Vittime e colpevoli : Il caso Asia Argento/Harvey Weinstein
Per esperienza personale, il settore in cui lavoro, so benissimo che la testimonianza
della persona offesa è fondamentale per incanalare il processo in quella direzione che
consenta una concreta conformità fra verità sostanziale e verità processuale. Sì, è
così, non sempre la verità dei fatti trova riscontro nella verità processuale, nel senso
che il Giudice, terzo rispetto ai contendenti che sono generalmente pubblica accusa e
difesa dell’imputato, decide sulla base delle risultanze istruttorie che non sempre
riescono a fare emergere la verità. Dico questo perché, anche se può sembrare
crudele, è proprio nei confronti della parte offesa che si indirizzano i colpi più bassi
da parte della difesa dell’imputato, per minarne la credibilità. Non solo, la
testimonianza della parte offesa deve essere “sostenuta” da elementi oggettivi come,
ad esempio, una visita medica per accertare la violenza (ovvio che si parli di questo)

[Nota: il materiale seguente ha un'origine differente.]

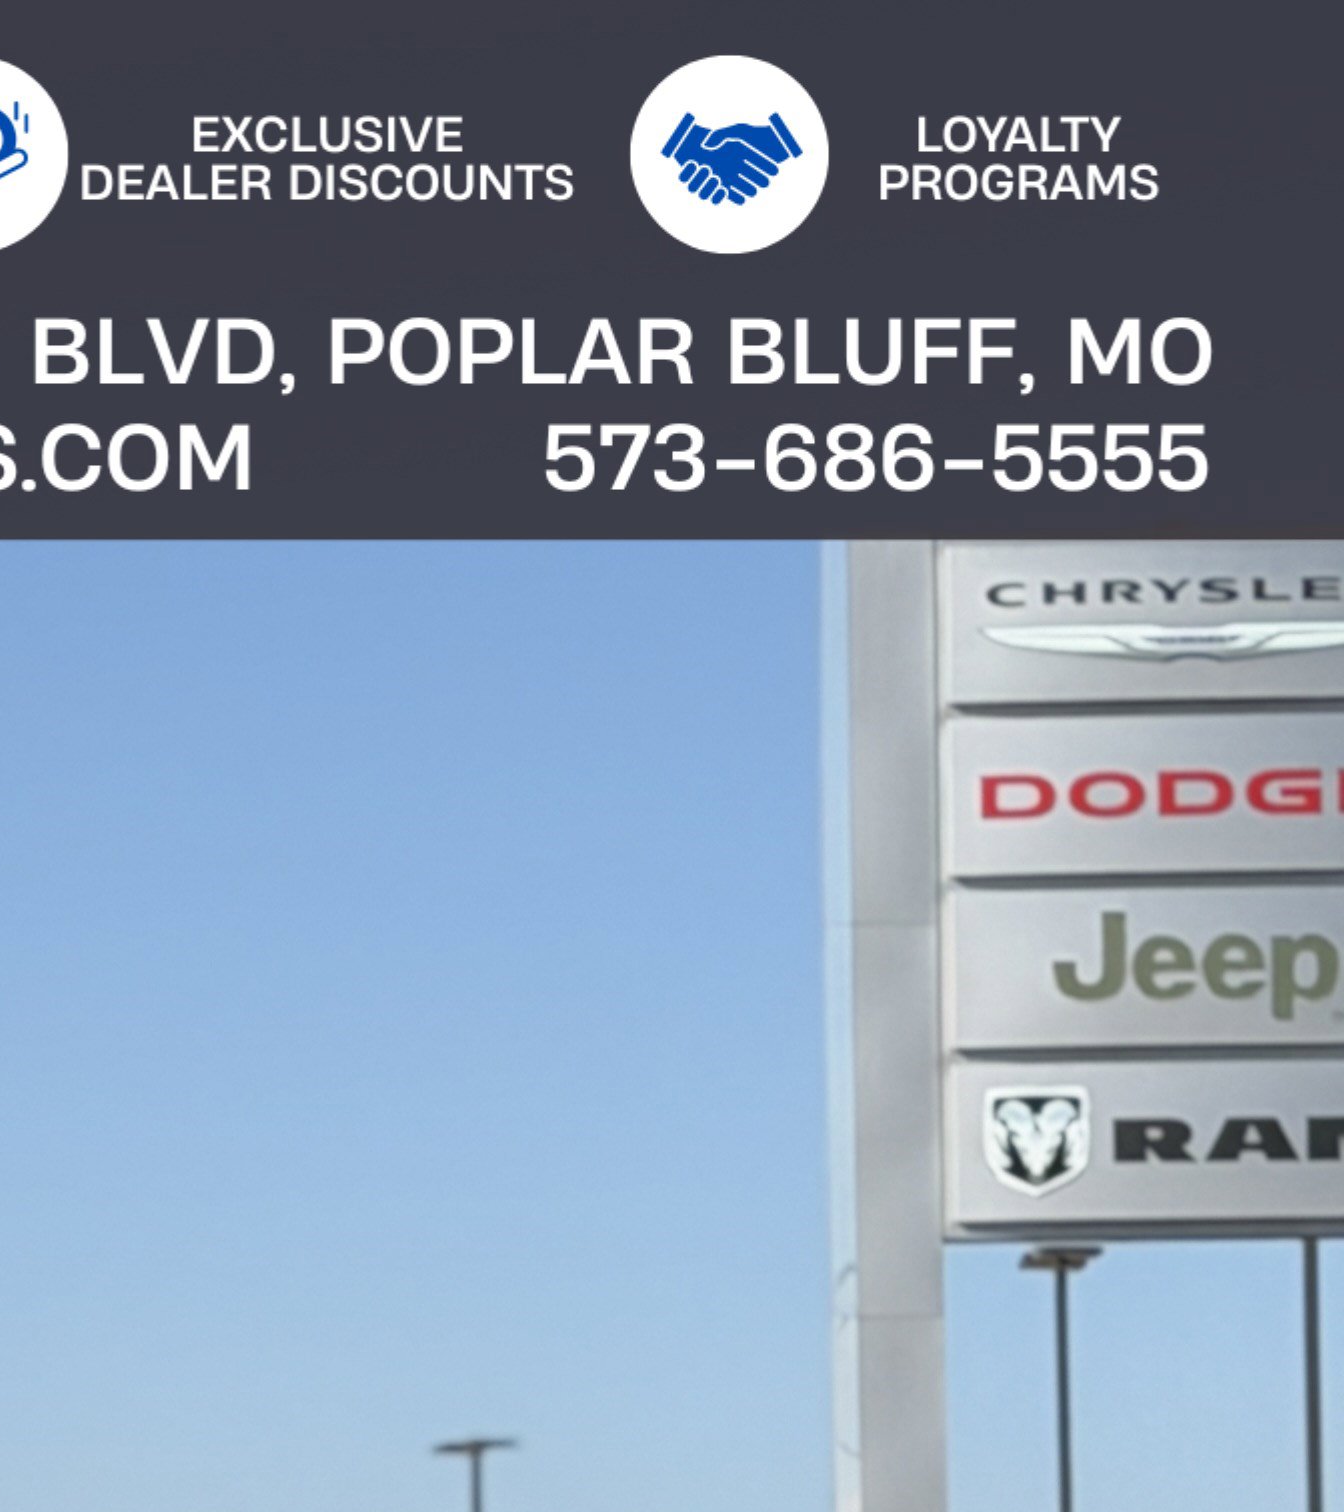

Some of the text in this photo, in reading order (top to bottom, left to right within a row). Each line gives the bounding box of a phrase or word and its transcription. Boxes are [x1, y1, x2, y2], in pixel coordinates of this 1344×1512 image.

o di altri testi “disinteressati” che confermino quanto sostenuto da chi denuncia
questo, come qualsiasi altro tipo di reato di cui si è vittima. Per chi sta fuori da questi
meccanismi tutto ciò è difficile da comprendere, soprattutto per la c.d opinione
pubblica che, nulla sapendo né di verità sostanziale né di verità processuale (mi
perdonino i giuristi se uso termini magari non conformi al diritto), si fa un’idea e, del
tutto legittimamente, parteggia per l’uno o per l’altro. Succede, siamo umani e
parteggiamo, anche se sarebbe conforme a sani principi, non farlo. Più il reato è
odioso, più è “necessario” saggiare a fondo la credibilità della “presunta” parte
offesa. Aggiungo: anche colti in flagranza di reato, è sempre il Giudice che stabilisce
la verità. E nessun altro. Questo va detto, a scanso di equivoci. Ed è al Giudice che si
deve instillare il dubbio se sia o meno credibile la parte offesa, la quale testimonia
sotto giuramento, così come un buon difensore deve riuscire ad alimentare nel
Giudice, il dubbio che il suo assistito sia realmente colpevole. La decisione, infatti,
deve essere motivata ed il Giudice deve arrivare al convincimento della colpevolezza
dell’imputato “al di là di ogni ragionevole dubbio”. In dubbio, si dice “pro reo”,
ovvero nel dubbio è conforme ai principi di uno stato di diritto che sia preferibile un
colpevole libero piuttosto che un innocente in galera. Faccio questa premessa, perché
ho la sensazione che uno dei reati più odiosi perpetrati a danno delle donne, lo stupro,
sembra che non debba essere attentamente vagliato da un giudice, ma basti la
testimonianza della persona offesa dal reato. Ecco, il solo dir questo probabilmente
mi porterà in dote una miriade di insulti, sull’errato presupposto che argomentare in
maniera libera su questi temi sia sintomo di pregiudizio nei confronti delle donne.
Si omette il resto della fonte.